O Globo, n. 32030, 17/04/2021, Mundo, p. 25

 

Ibama deixa de gastar R$ 48 milhões contra desmatamento

Leandro Prazeres

17/04/2021

 

 

BRASÍLIA — Apesar dos constantes pedidos de recursos estrangeiros para financiar o combate ao desmatamento na Amazônia feitos pelo ministro do Meio Ambiente, Ricardo Salles, o Instituto Brasileiro de Meio Ambiente e Recursos Naturais Renováveis (Ibama), deixou de gastar R$ 48,8 milhões de um programa destinado exclusivamente para ações para reduzir a destruição da floresta amazônica. O dinheiro, que já estava liberado, fazia parte de um projeto cuja validade expirou no início de abril. Para não perder os recursos, o Ibama teve de pedir uma prorrogação do prazo do projeto.

Os R$ 48,8 milhões que o Ibama deixou de gastar se referem a um total de R$ 140 milhões do Projeto de Fortalecimento do Controle e do Monitoramento Ambiental para o Combate ao Desmatamento Ilegal na Amazônia (Profisc 1-B). O dinheiro faz parte dos recursos do Fundo Amazônia e foi aprovado e liberado para uso em abril de 2018 com um prazo de três anos para ser gasto. O prazo venceu no dia 5 de abril deste ano.

De acordo com o painel de monitoramento do programa, apesar do aumento nas taxas de desmatamento na Amazônia e das constantes reclamações de restrições orçamentárias feitas por Salles, o Ibama só usou 65% do total previsto, em torno de R$ 91,4 milhões, deixando um saldo de R$ 48,8 milhões ocioso. Os recursos usados pagaram pelo aluguel de aeronaves e viaturas em operações de combate ao desmatamento.

Dois meses antes do vencimento e já prevendo que não conseguiria usar os recursos a tempo, o Ibama solicitou a prorrogação do programa ao Banco Nacional de Desenvolvimento Econômico e Social (BNDES), responsável pela gestão do Fundo Amazônia.
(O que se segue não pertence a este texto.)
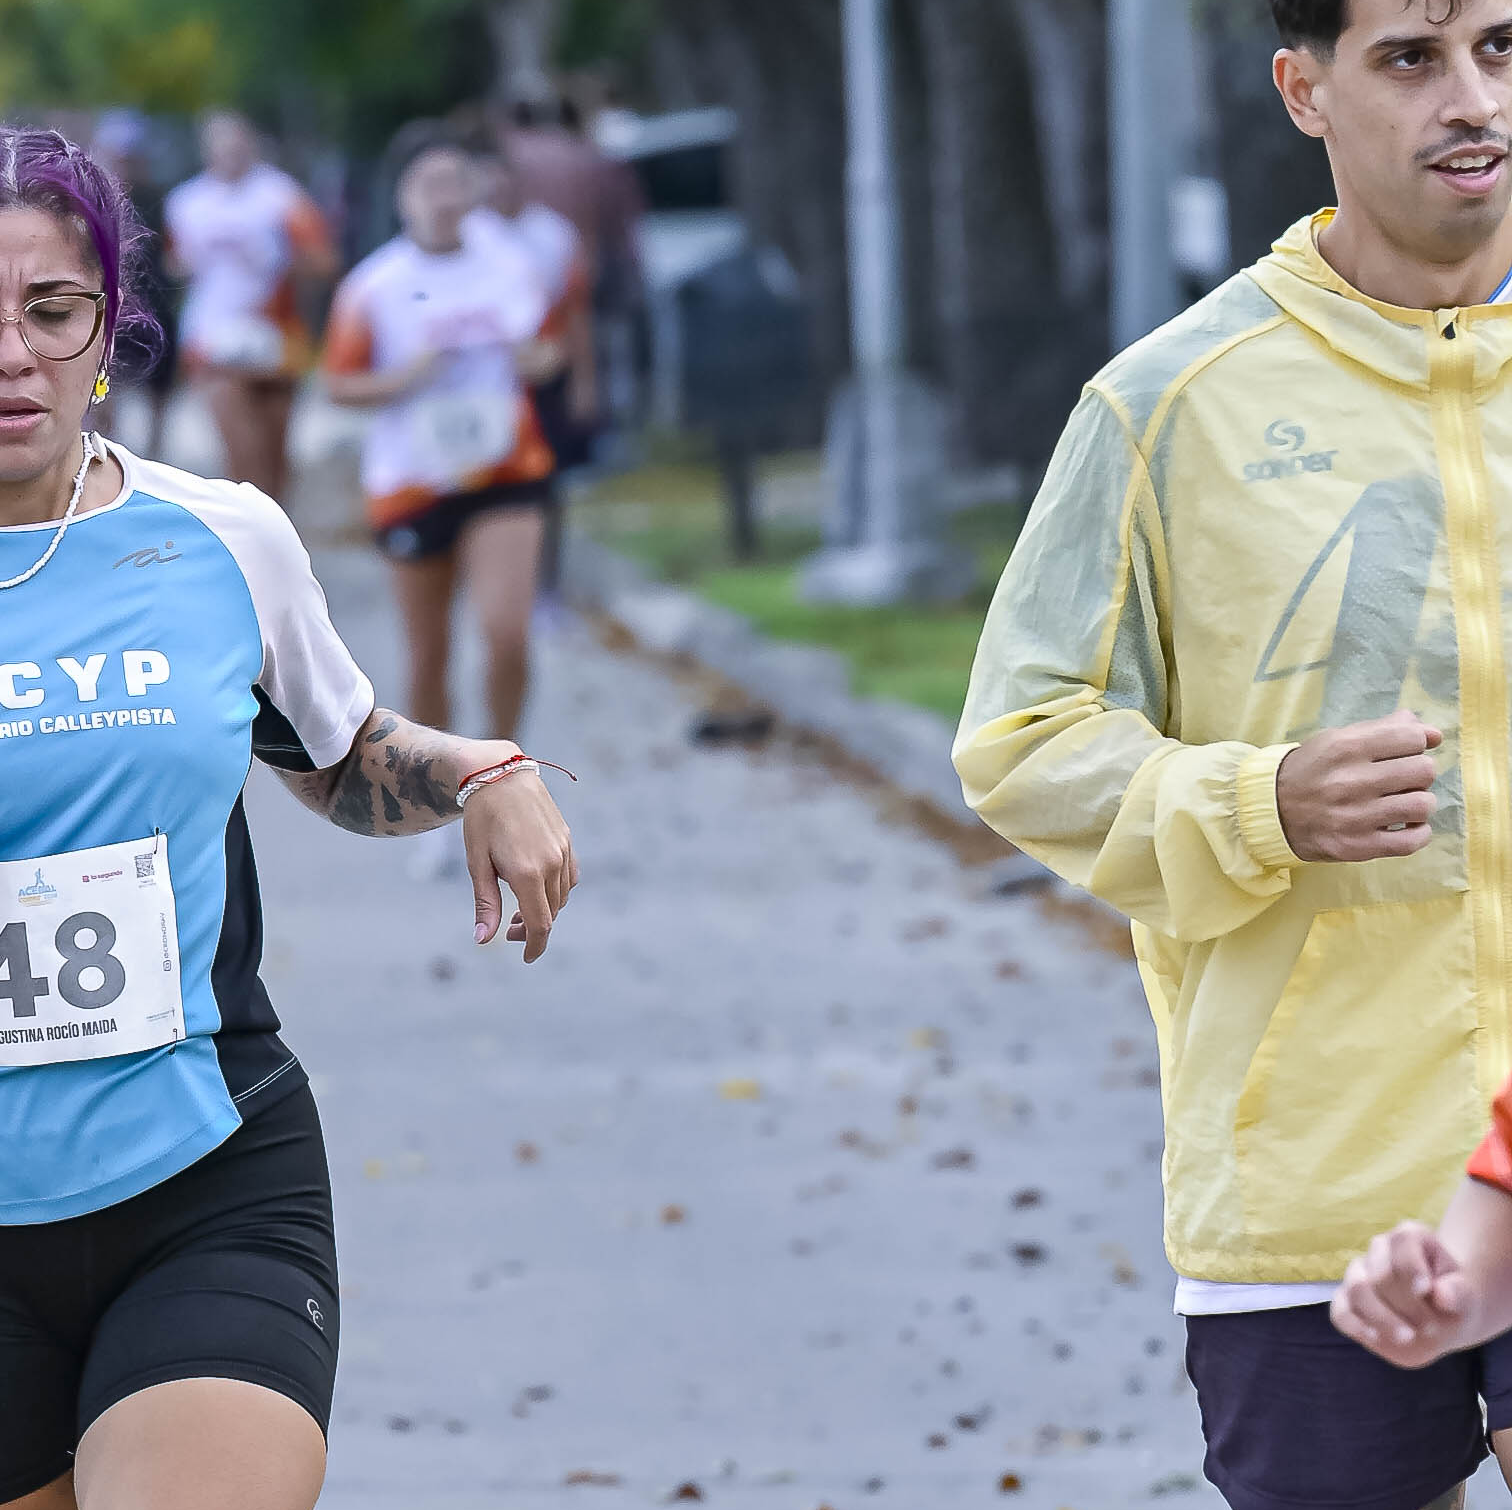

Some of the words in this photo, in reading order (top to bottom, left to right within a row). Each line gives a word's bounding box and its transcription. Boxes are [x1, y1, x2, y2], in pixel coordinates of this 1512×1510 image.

O pedido, no entanto, ainda está em andamento.

Segundo o BNDES, o motivo alegado pelo Ibama para solicitar a prorrogação foi o de que o “O prazo planejado inicialmente não será suficiente para executar o saldo aprovado para o projeto” e por isso a prorrogação teria sido necessária.

Desmatamento na Amazônia

A demora para gastar recursos já garantidos para ações de combate a ilegalidades na Amazônia contrasta com o avanço do desmatamento na região nos últimos anos e também com a retórica adotada por Ricardo Salles nos últimos meses, que vem pedido recursos do exterior para financiar ações de preservação ambiental no país.

Em 2019 e 2020, a taxa de desmatamento na Amazônia aumentou 29%. No ano seguinte, o crescimento foi de 9,5%. No mesmo período, o Ibama suspendeu suas operações na Amazônia duas vezes por restrições orçamentárias.

 

Em entrevista concedida no início do mês ao jornal “O Estado de S. Paulo”, Salles disse que poderia reduzir o desmatamento em 40% nos próximos 12 meses se recebesse o equivalente a US$ 1 bilhão de países estrangeiros.

O pedido foi recebido com ceticismo por diplomatas estrangeiros e por entidades que atuam na defesa do meio ambiente. Especialmente porque, desde 2019, os trabalhos do Fundo Amazônia foram praticamente paralisados por questionamentos feitos pelo Ministério do Meio Ambiente em relação à estrutura de governança do fundo. De acordo com o BNDES, o fundo tem um total de R$ 2,9 bilhões disponíveis para o financiamento de ações de preservação ambiental.

 

De acordo com o secretário-executivo da organização não-governamental Observatório do Clima, Márcio Astrini, a lentidão no uso de recursos já disponíveis para o combate ao desmatamento e os constantes pedidos por mais dinheiro feitos por Salles mostrariam que o ministro não estaria, de fato, interessado em políticas de preservação da Amazônia.

 

— Se o ministro Salles estivesse interessado em proteger a Amazônia, ele não estaria pedindo mais recursos ou tentando criar um fundo totalmente novo com dinheiro estrangeiro. Ele estaria colocando o Fundo Amazônia para funcionar e usando os recursos que já existem. Mas o problema, para Salles, é que todos esses mecanismos que já existem têm regras de uso. Ele quer dinheiro para usar como quiser — afirma Astrini.

 

Procurado, o Ibama alegou que o atraso na execução dos recursos se deu por conta do projeto de lei orçamentária anual de 2021 que não teria contemplado os R$ 48,8 milhões restantes no programa, mas apenas R$ 37 milhões.

O Ibama disse ainda que a previsão é utilizar os recursos na “logística necessária ao combate ao desmatamento” no primeiro semestre.

O MMA, por sua vez, não respondeu aos questionamentos enviados pelo GLOBO.